From the first line to the last, restate every record word for word, leaving out the pictures.

§ **Exercise data**
**********

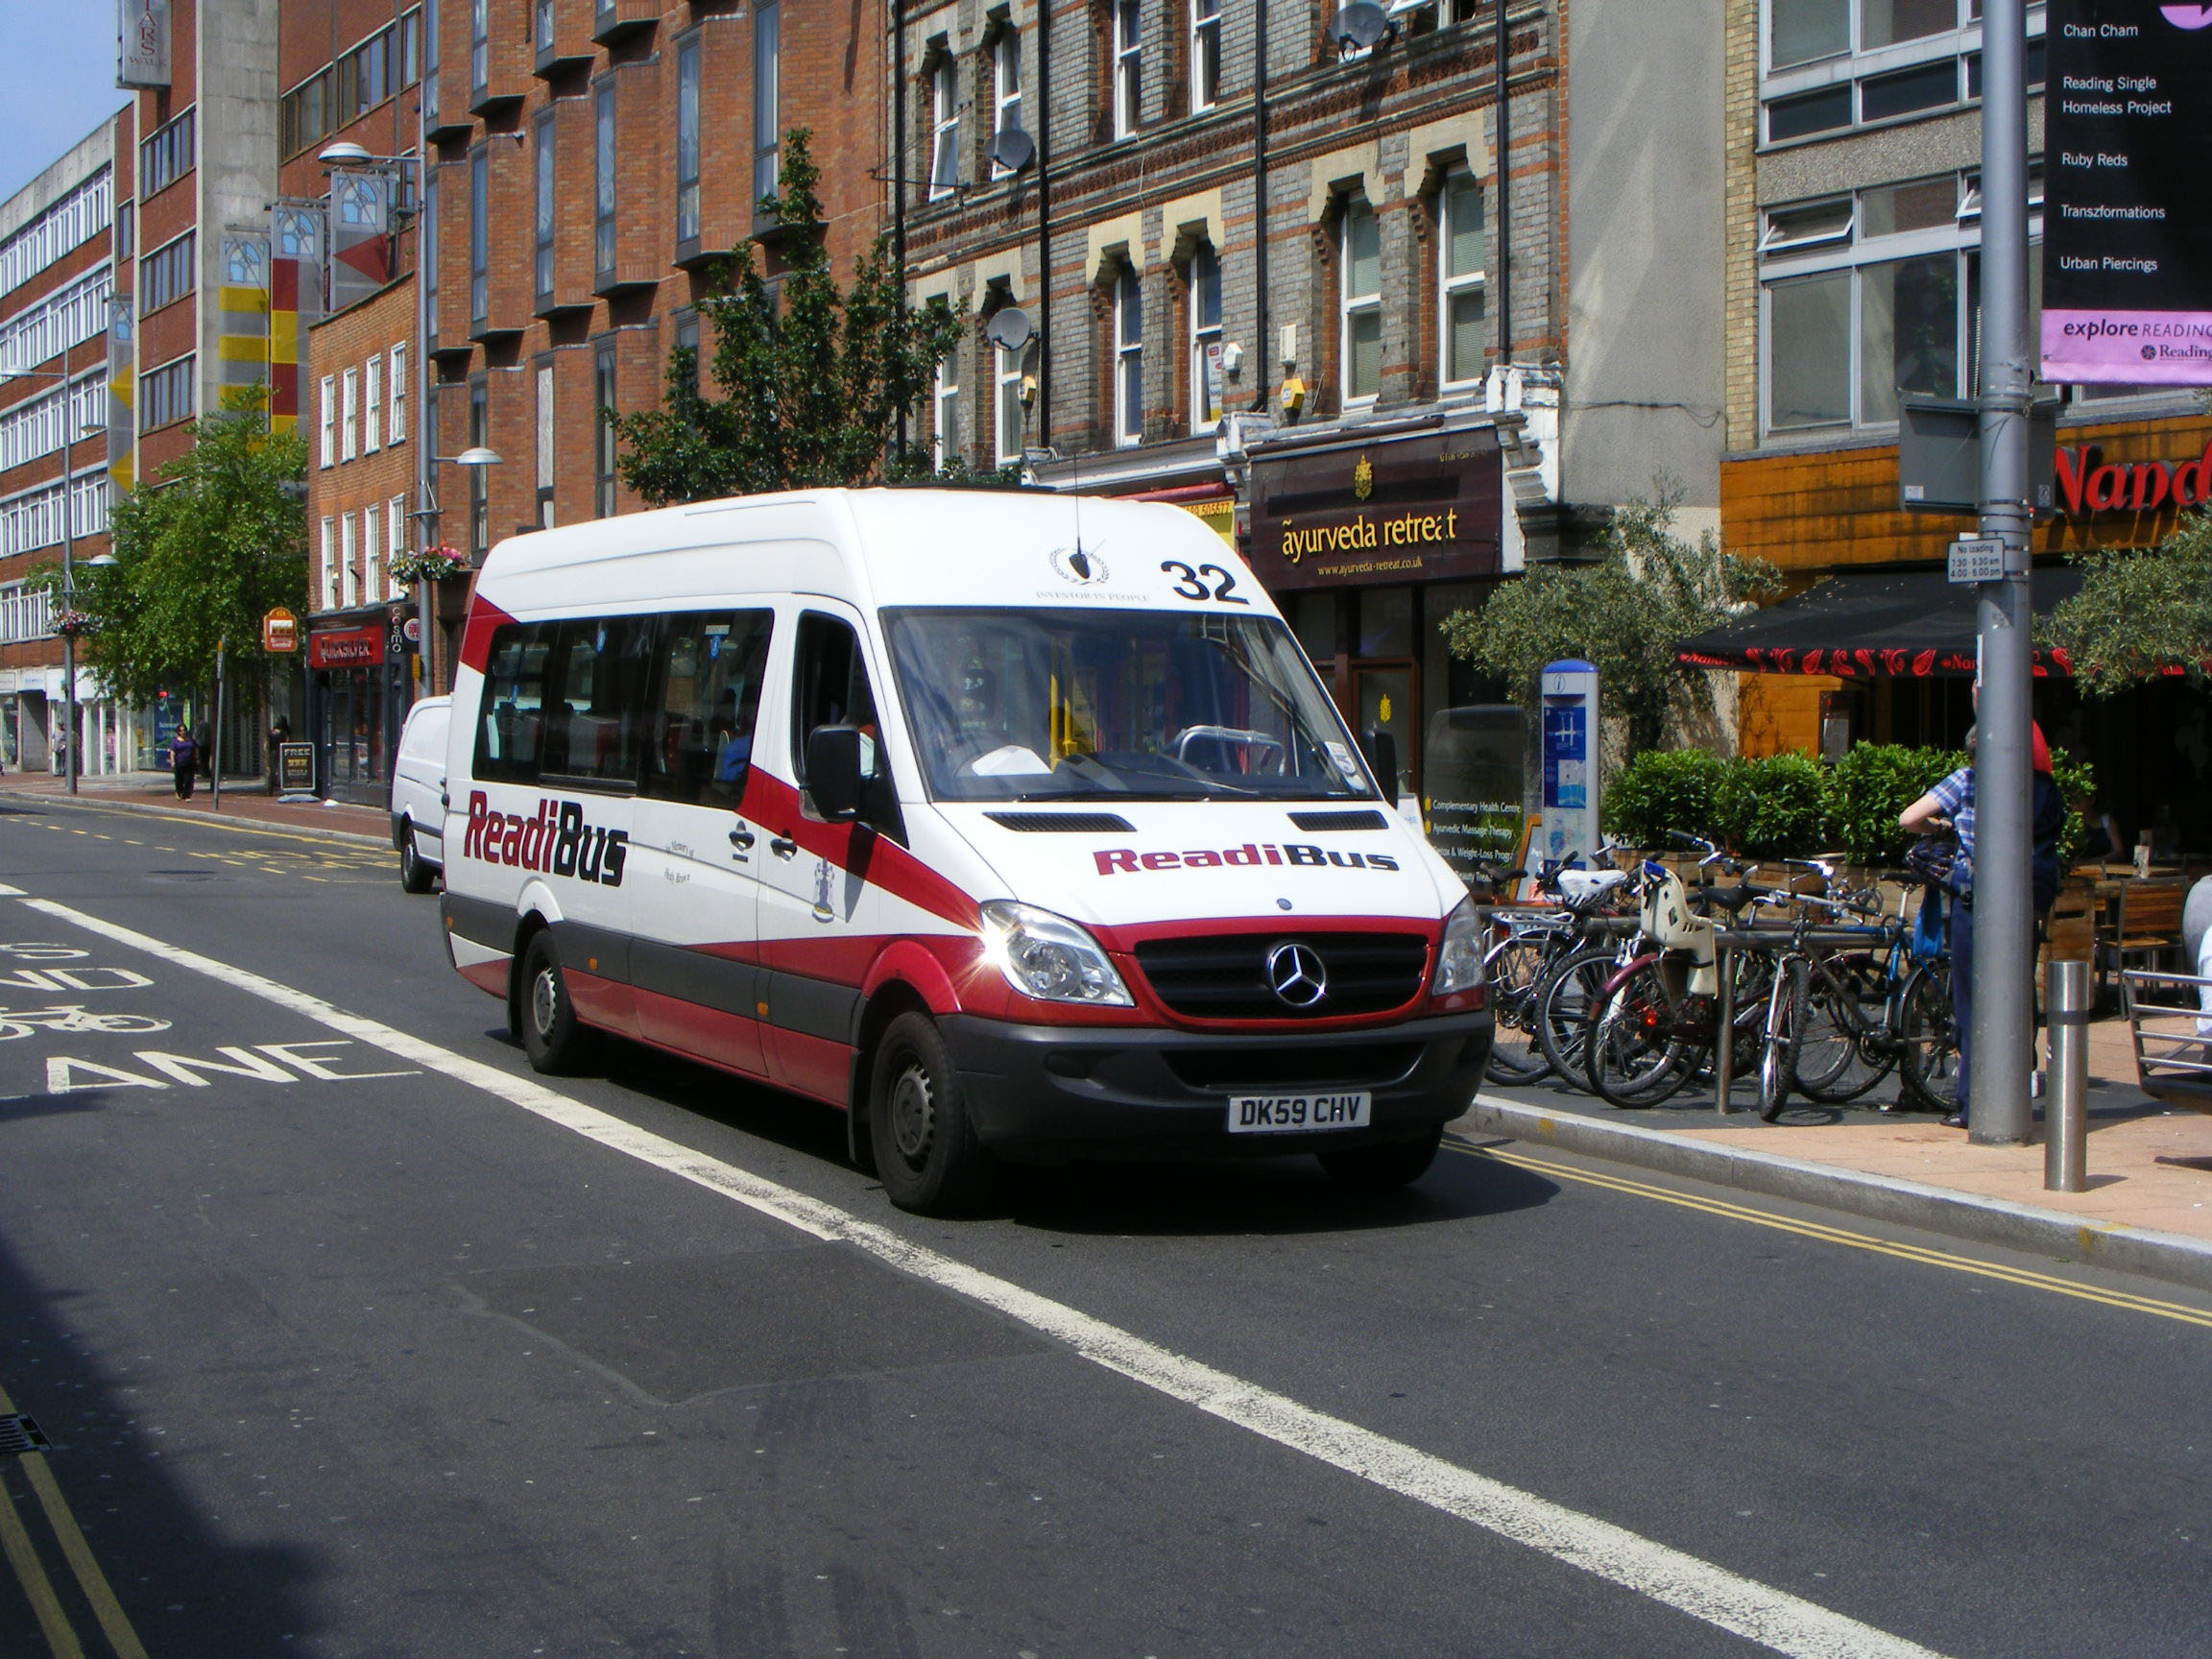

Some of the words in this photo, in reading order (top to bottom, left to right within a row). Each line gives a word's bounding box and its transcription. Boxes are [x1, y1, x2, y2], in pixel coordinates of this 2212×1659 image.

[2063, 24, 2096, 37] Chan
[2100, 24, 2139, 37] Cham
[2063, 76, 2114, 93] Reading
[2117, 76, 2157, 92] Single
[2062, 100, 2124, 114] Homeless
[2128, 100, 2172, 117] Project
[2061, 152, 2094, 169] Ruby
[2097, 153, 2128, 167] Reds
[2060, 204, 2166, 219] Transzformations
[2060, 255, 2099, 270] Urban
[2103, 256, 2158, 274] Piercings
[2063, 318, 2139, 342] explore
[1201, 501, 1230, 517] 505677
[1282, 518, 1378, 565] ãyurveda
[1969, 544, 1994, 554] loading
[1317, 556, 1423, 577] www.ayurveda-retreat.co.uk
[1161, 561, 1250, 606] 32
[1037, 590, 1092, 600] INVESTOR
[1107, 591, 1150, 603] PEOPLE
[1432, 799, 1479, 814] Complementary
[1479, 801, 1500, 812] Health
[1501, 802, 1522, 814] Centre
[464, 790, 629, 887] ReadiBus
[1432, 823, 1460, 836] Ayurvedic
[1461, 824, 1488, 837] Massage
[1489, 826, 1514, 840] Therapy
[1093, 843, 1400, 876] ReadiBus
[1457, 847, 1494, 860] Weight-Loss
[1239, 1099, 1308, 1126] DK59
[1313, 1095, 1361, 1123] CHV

**********

§ **Response below**
Some of the words in this photo, in reading order (top to bottom, left to right within a row). Each line gives a word's bounding box and its transcription. Boxes are [x1, y1, x2, y2], in pixel coordinates of this 2212×1659 image.

[2063, 24, 2096, 37] Chan
[2100, 24, 2139, 37] Cham
[2063, 76, 2114, 93] Reading
[2117, 76, 2157, 92] Single
[2062, 100, 2124, 114] Homeless
[2128, 100, 2172, 117] Project
[2061, 152, 2094, 169] Ruby
[2097, 153, 2128, 167] Reds
[2060, 204, 2166, 219] Transzformations
[2060, 255, 2099, 270] Urban
[2103, 256, 2158, 274] Piercings
[2063, 318, 2139, 342] explore
[1201, 501, 1230, 517] 505677
[1282, 518, 1378, 565] ãyurveda
[1969, 544, 1994, 554] loading
[1317, 556, 1423, 577] www.ayurveda-retreat.co.uk
[1161, 561, 1250, 606] 32
[1037, 590, 1092, 600] INVESTOR
[1107, 591, 1150, 603] PEOPLE
[1432, 799, 1479, 814] Complementary
[1479, 801, 1500, 812] Health
[1501, 802, 1522, 814] Centre
[464, 790, 629, 887] ReadiBus
[1432, 823, 1460, 836] Ayurvedic
[1461, 824, 1488, 837] Massage
[1489, 826, 1514, 840] Therapy
[1093, 843, 1400, 876] ReadiBus
[1457, 847, 1494, 860] Weight-Loss
[1239, 1099, 1308, 1126] DK59
[1313, 1095, 1361, 1123] CHV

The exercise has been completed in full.